▶ _Record extracts_:

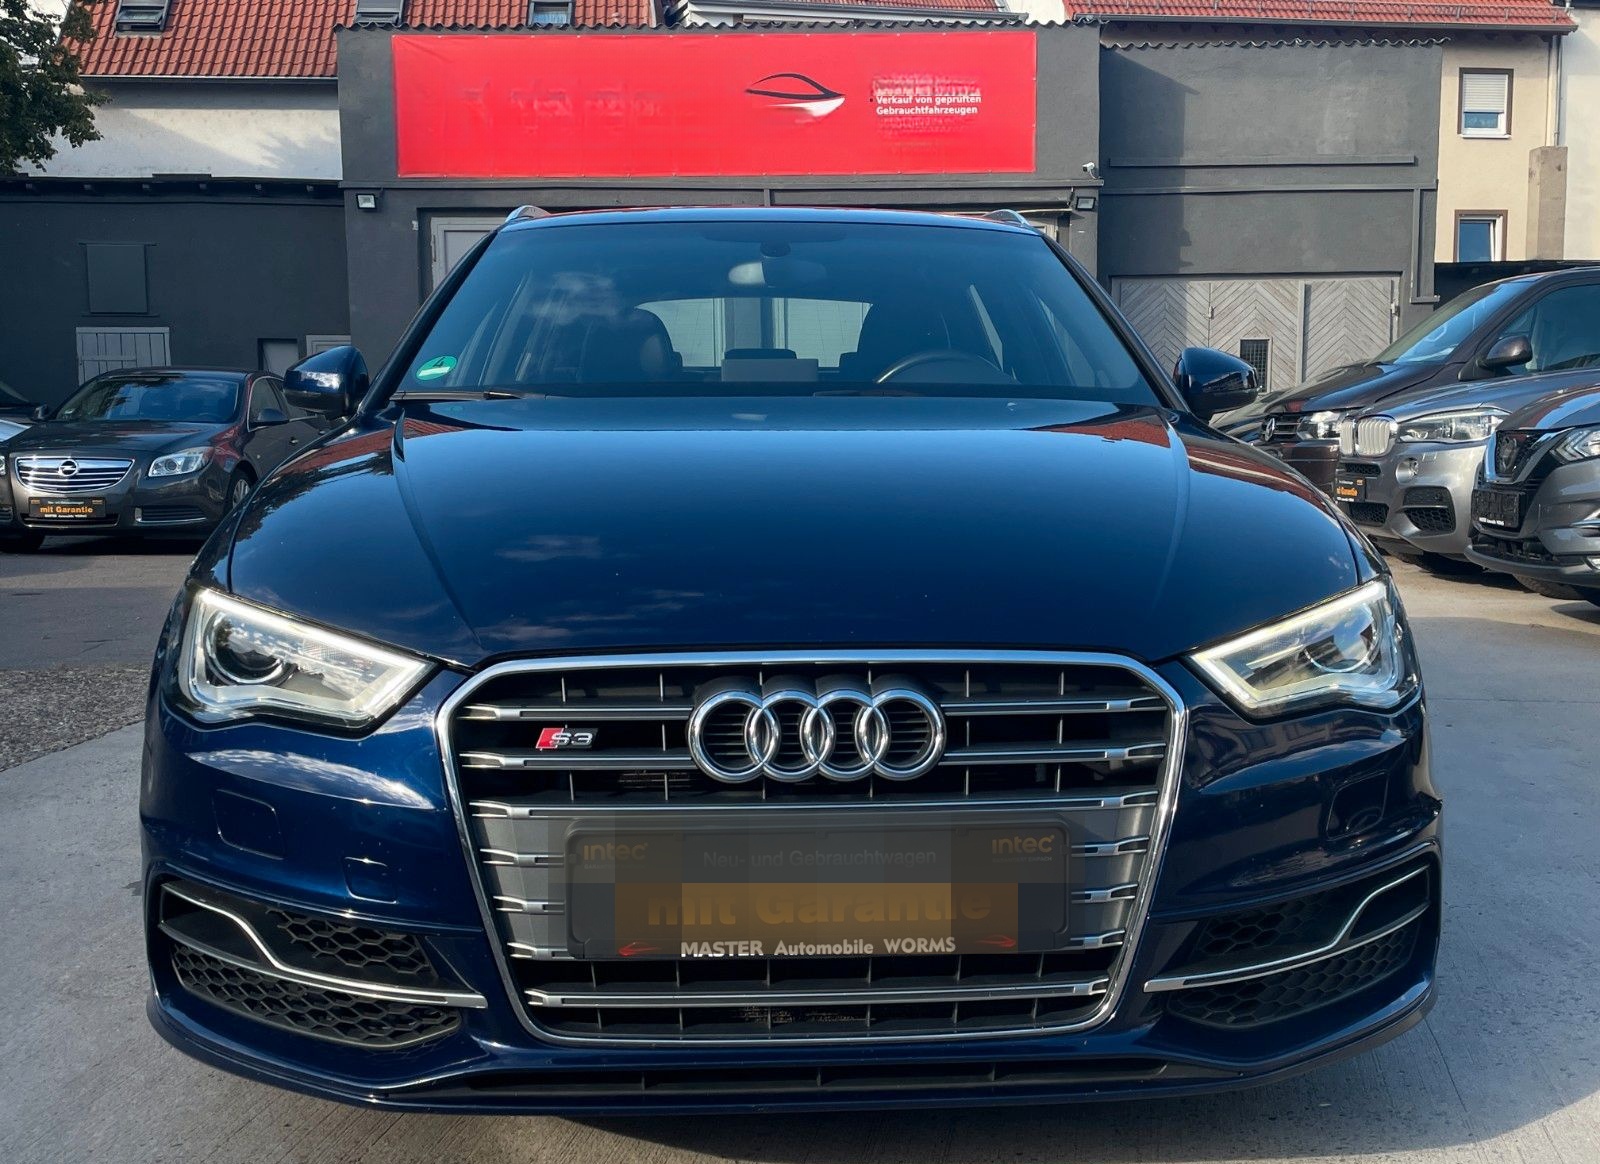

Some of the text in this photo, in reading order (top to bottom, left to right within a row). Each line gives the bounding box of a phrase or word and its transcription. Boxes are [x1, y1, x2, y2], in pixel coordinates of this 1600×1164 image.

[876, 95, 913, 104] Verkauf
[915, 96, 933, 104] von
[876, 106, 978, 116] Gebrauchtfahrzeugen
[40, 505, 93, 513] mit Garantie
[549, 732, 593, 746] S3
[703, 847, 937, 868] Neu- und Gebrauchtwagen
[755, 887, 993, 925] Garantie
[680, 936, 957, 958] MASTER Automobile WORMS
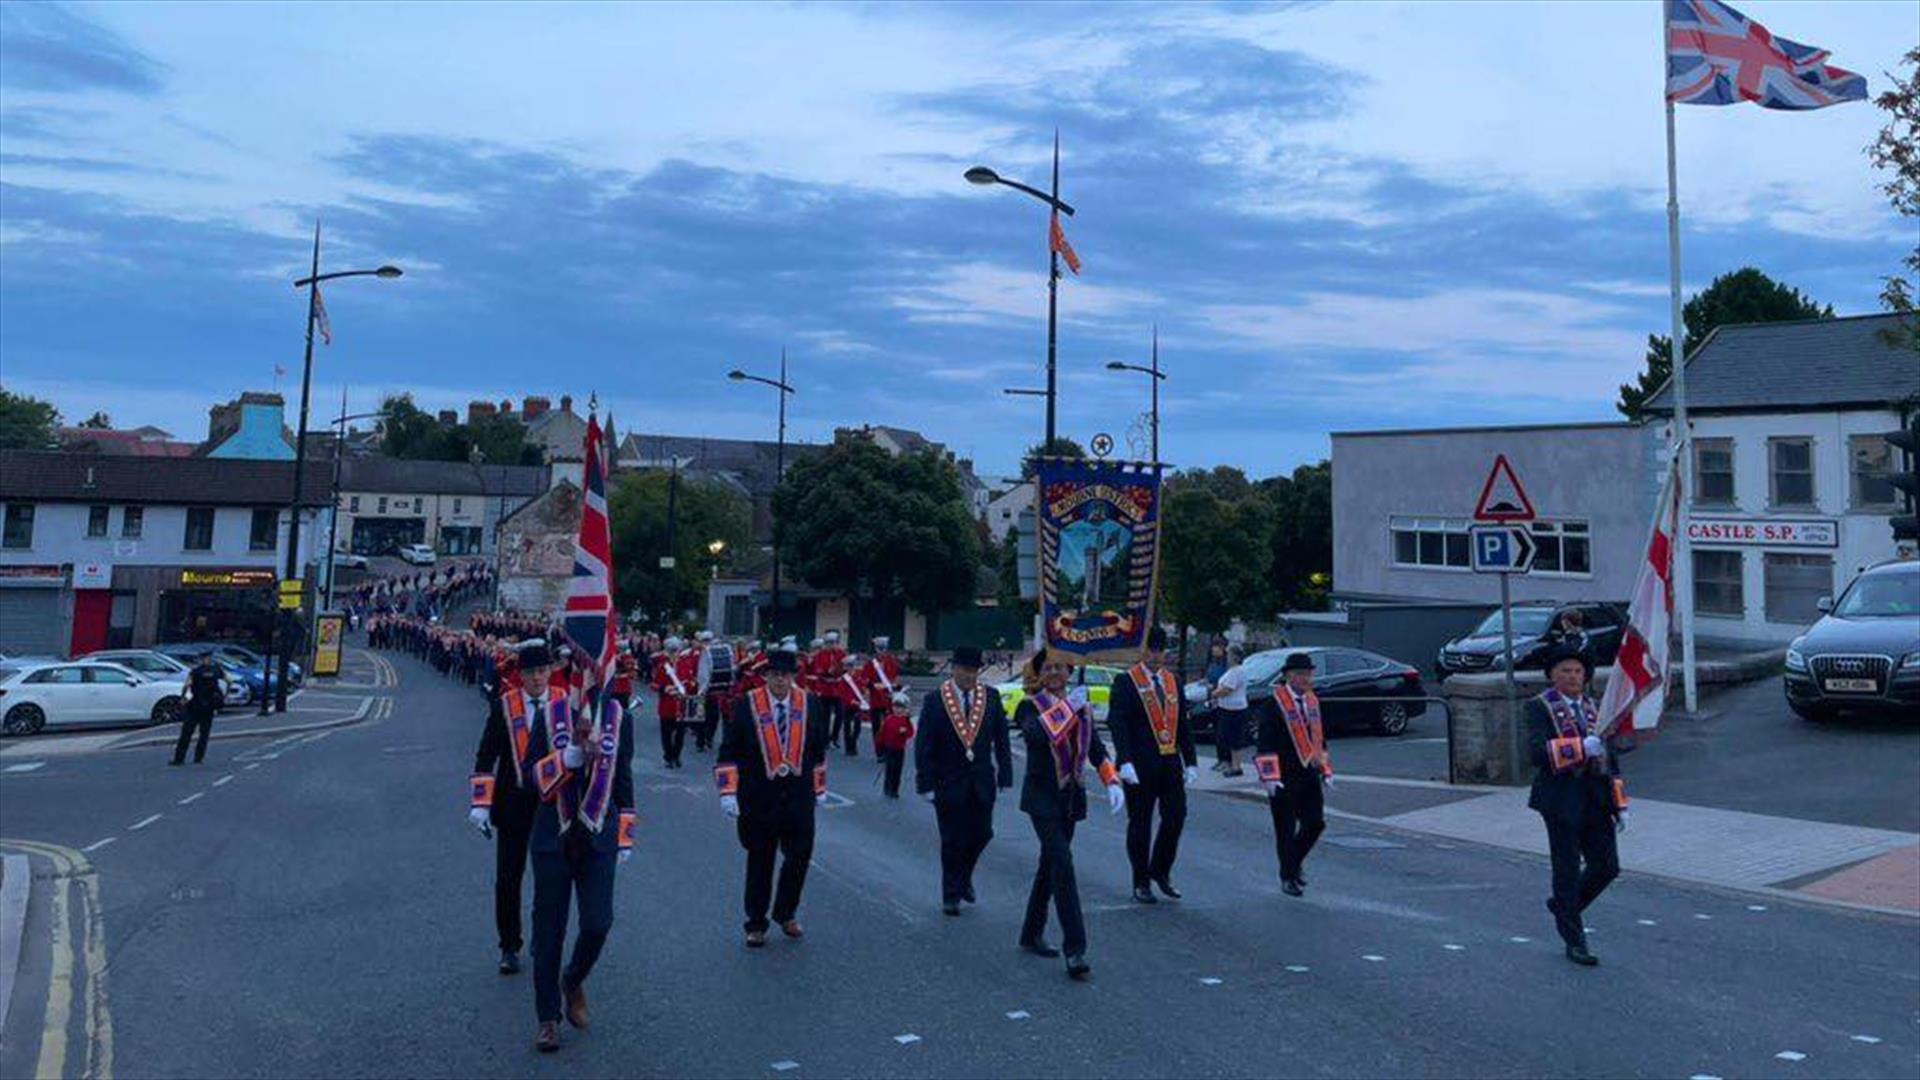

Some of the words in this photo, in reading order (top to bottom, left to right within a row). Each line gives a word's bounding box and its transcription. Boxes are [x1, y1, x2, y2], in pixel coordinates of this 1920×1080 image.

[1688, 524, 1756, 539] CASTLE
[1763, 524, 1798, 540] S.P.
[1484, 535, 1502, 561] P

▶ _To do_: Your answer should consist only of the lines from the one with "Some of the words" through the last line of the entries above, retyped exactly.

▶ _Response area_:
Some of the words in this photo, in reading order (top to bottom, left to right within a row). Each line gives a word's bounding box and its transcription. Boxes are [x1, y1, x2, y2], in pixel coordinates of this 1920×1080 image.

[1688, 524, 1756, 539] CASTLE
[1763, 524, 1798, 540] S.P.
[1484, 535, 1502, 561] P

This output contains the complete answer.